- **What is required**
Could you please output all of the data exactly, without the images?

○ ○ ○ ○

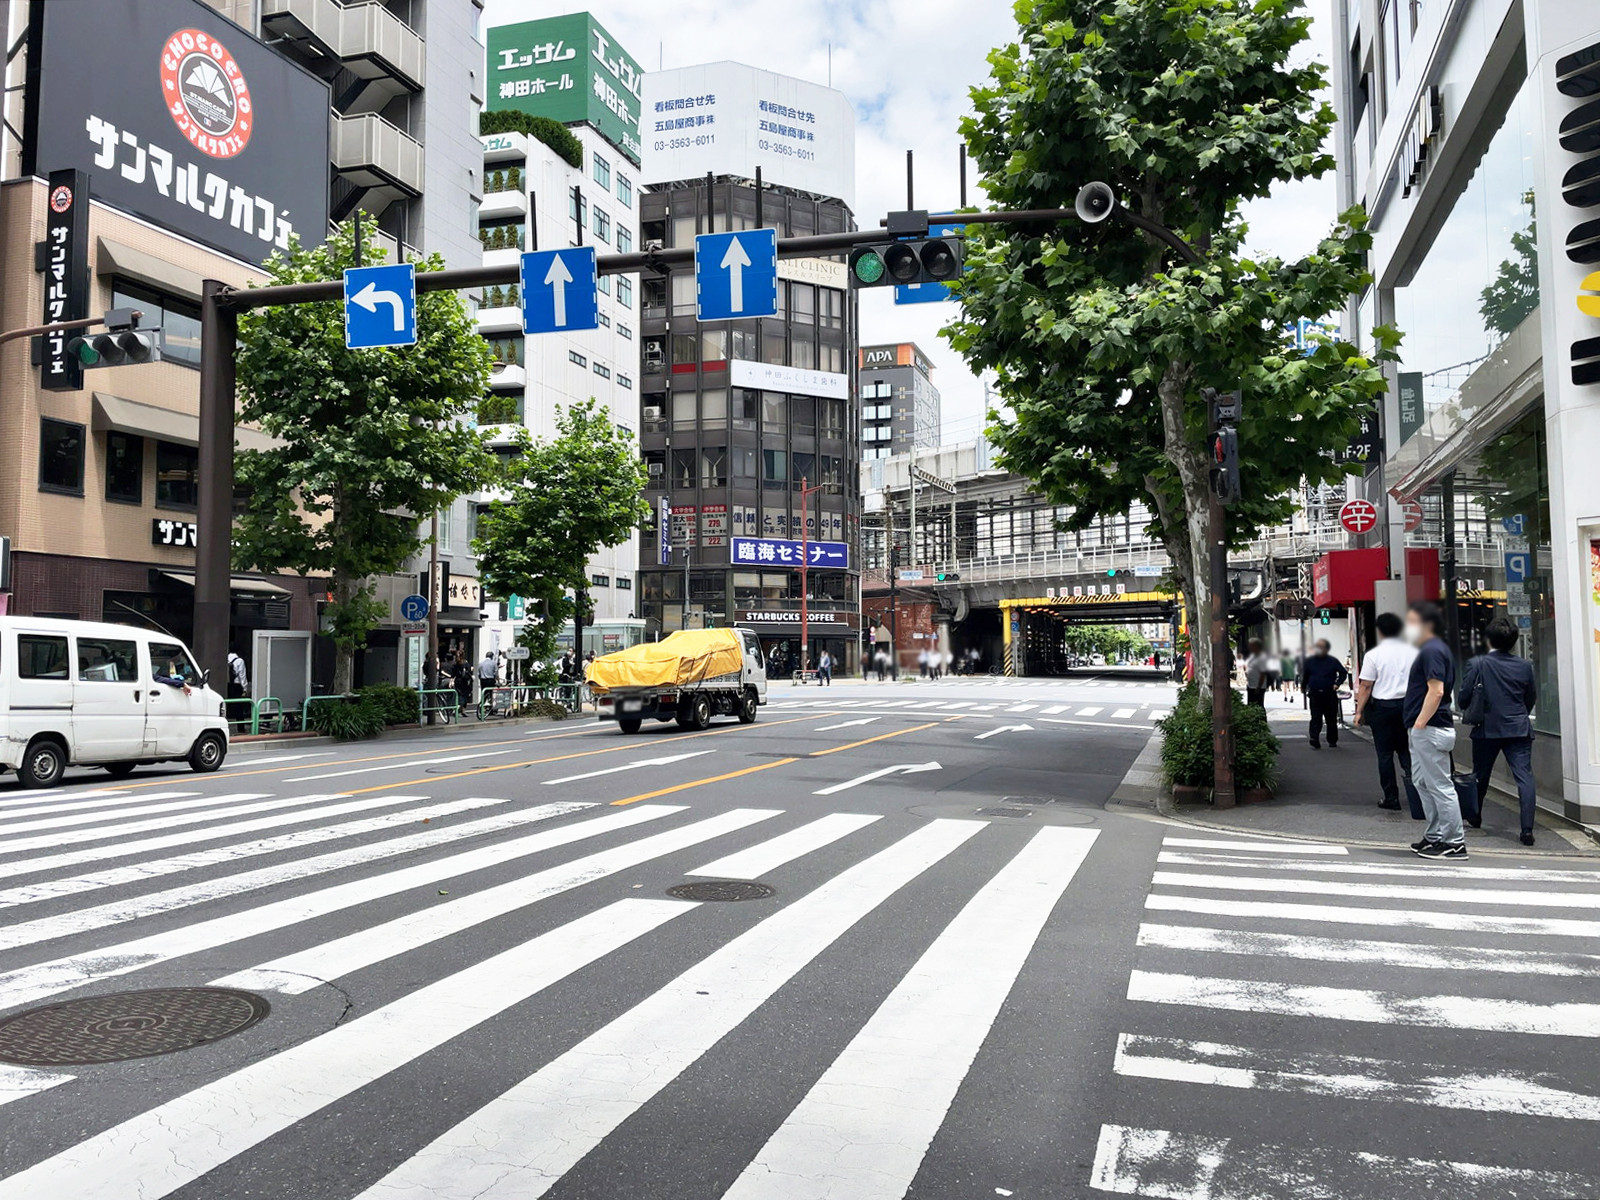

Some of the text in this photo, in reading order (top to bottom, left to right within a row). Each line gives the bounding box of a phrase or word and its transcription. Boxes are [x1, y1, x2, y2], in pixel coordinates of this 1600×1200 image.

[497, 41, 576, 70] エッサム
[164, 33, 223, 71] CHOCO
[226, 60, 250, 113] CRO
[499, 73, 574, 99] 神田ホール
[654, 94, 716, 113] 看板問合せ先
[759, 100, 815, 124] 看板問合せ先
[654, 134, 716, 151] 03-3563-6011
[758, 139, 815, 161] 03-3563-6011
[800, 260, 841, 276] CLINIC
[867, 350, 893, 363] APA
[1342, 502, 1375, 532] 辛
[738, 542, 843, 563] 臨海セミナー
[746, 612, 800, 621] STARBUCKS

○ ○ ○ ○

- **Output below**
Some of the text in this photo, in reading order (top to bottom, left to right within a row). Each line gives the bounding box of a phrase or word and its transcription. Boxes are [x1, y1, x2, y2], in pixel coordinates of this 1600×1200 image.

[497, 41, 576, 70] エッサム
[164, 33, 223, 71] CHOCO
[226, 60, 250, 113] CRO
[499, 73, 574, 99] 神田ホール
[654, 94, 716, 113] 看板問合せ先
[759, 100, 815, 124] 看板問合せ先
[654, 134, 716, 151] 03-3563-6011
[758, 139, 815, 161] 03-3563-6011
[800, 260, 841, 276] CLINIC
[867, 350, 893, 363] APA
[1342, 502, 1375, 532] 辛
[738, 542, 843, 563] 臨海セミナー
[746, 612, 800, 621] STARBUCKS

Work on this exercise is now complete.